Marcantonio. Di questo non ne so alcuna cosa. E certo, quando e’ fussi vero, non me ne parrebbe molto bene e con ogni rimedio cercherei stórnelo: benché alla gioventú si comporti n piú cose che tu forse non pensi. Ma io ho caro che me n’abbia fatt’avvertito, perché ne voglio ritrovare l’intero; e di poi piglierò quel partito che meglio mi parrá. Ed ecco a punto di qua el suo servo Lucido che sa ciò che e’ pensa e ciò che e’ sogna. Lui, meglio che alcun altro, me lo potrá dire.
Lucrezia. Tu lo faresti prima dire a questa porta. Tu non conosci Lucido.
Marcantonio. Pur proverrò. Ma vanne in casa, che piú da te che da me si guarda: ed io poi ti ragguaglierò.
SCENA II
Lucido e Marcantonio.
Lucido. E’ par che la fortuna sempre si diletti di fare venire voglia agli uomini di quelle cose che son piú difficili a ottenersi. Io non credo che a Lucca sia donna alcuna che non avessi di grazia el fare piacere a Erminio; e lui si è innamorato di costei, la quale, non che lui la possa godere, bisogna che con mille respetti gli parli. Ed ènne guasto, fradicio, morto, che altro non pensa e non parla che Fiammetta.
Marcantonio. E’ parla da sé di questo.
Lucido. Adesso mi manda a vedere come la sta, quel ch’ella fa ed a racomandarsi a lei. Ed, ogni giorno, ho questa gita, per l’amor di Dio e de’ servi suoi.
Marcantonio. Il vo’ chiamare avanti che pigli altro viaggio.
Lucido! o Lucido!
Lucido. Chi mi chiama? Oh Marcantonio! Che comandate?
Marcantonio. Che è di Erminio, che iersera non tornò a cena?
Lucido. Cenò e dormi con Tiberio in casa Aridosio.
Marcantonio. E tu dove vai? a portar qualche imbasciata al munisterio?
Lucido. Che monasterio?
Marcantonio. Oh! Fattene nuovo meco, bestia!
Lucido. E che sapete voi di monasterio? * Marcantonio. Sonne quel che tu.
Lucido. A dirvi il vero, mi mandava a saper s’ella voleva niente.
Marcantonio. In veritá, che Erminio, in questo, mi fa torto; perché tu sai se io lo compiaccio e piú presto l’aiuto nelle sue voglie e ne’ sua amori che sono in qualche parte ragionevoli. Ma questo ha troppo del disonesto. E’ do verrebbe pure avere rispetto all’onore suo e mio: perché il carico è dato a me, che lo lasso fare. E’ par che a Lucca manchino le donne da cavarsi le sue voglie, che e’ si abbi a andare infin ne’ munisteri!

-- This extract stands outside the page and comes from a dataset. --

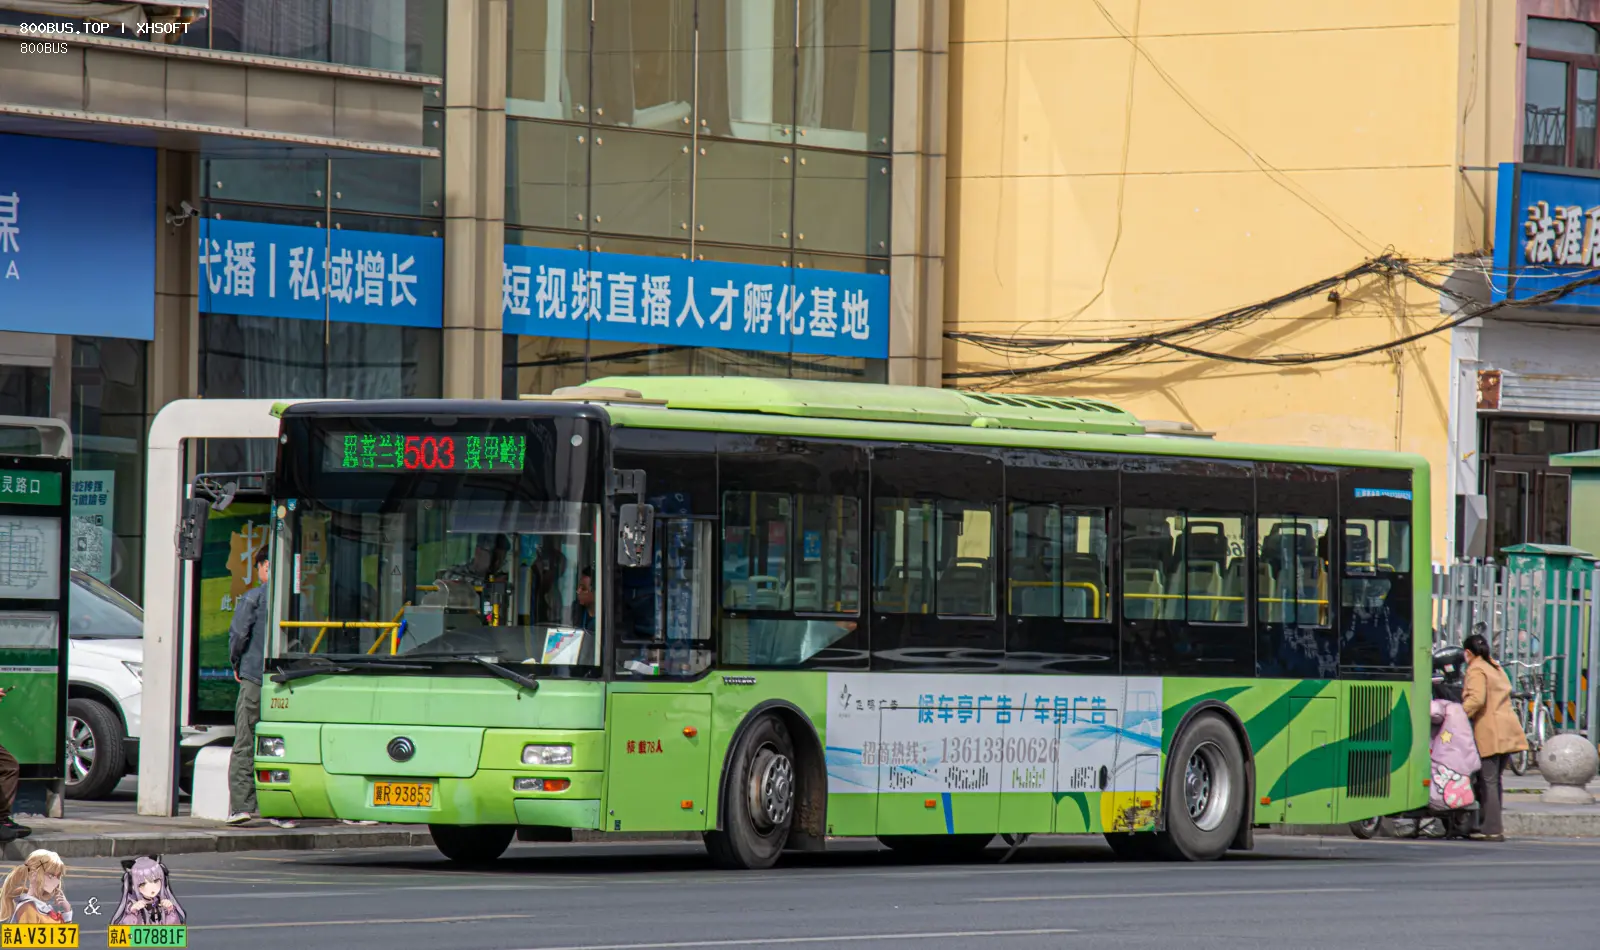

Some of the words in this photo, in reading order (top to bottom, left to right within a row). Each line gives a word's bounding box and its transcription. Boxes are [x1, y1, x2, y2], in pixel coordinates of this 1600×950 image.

[502, 262, 870, 341] 短视频直播人才孵化基地
[404, 435, 455, 469] 503
[940, 737, 1059, 764] 13613360626

Lucido. Io gli ho detto questo medesimo piú volte: e lui, parte, sei conosce; ma voi sapete, Marcantonio, che l’amor non ha legge. Ed è un gran tempo che gli cominciò a volere bene. E lei è una bellissima figliuola, nobile e virtuosa, che forse, se voi la vedessi, gli aresti piú compassione che non gli avete. E siate certo che prima sarebbe possibil fare diventare Erminio un altro uomo che farli dimenticare questo amore. E vo’ vi dire piú avanti: che l’animo suo sarebbe di pigliarla per moglie.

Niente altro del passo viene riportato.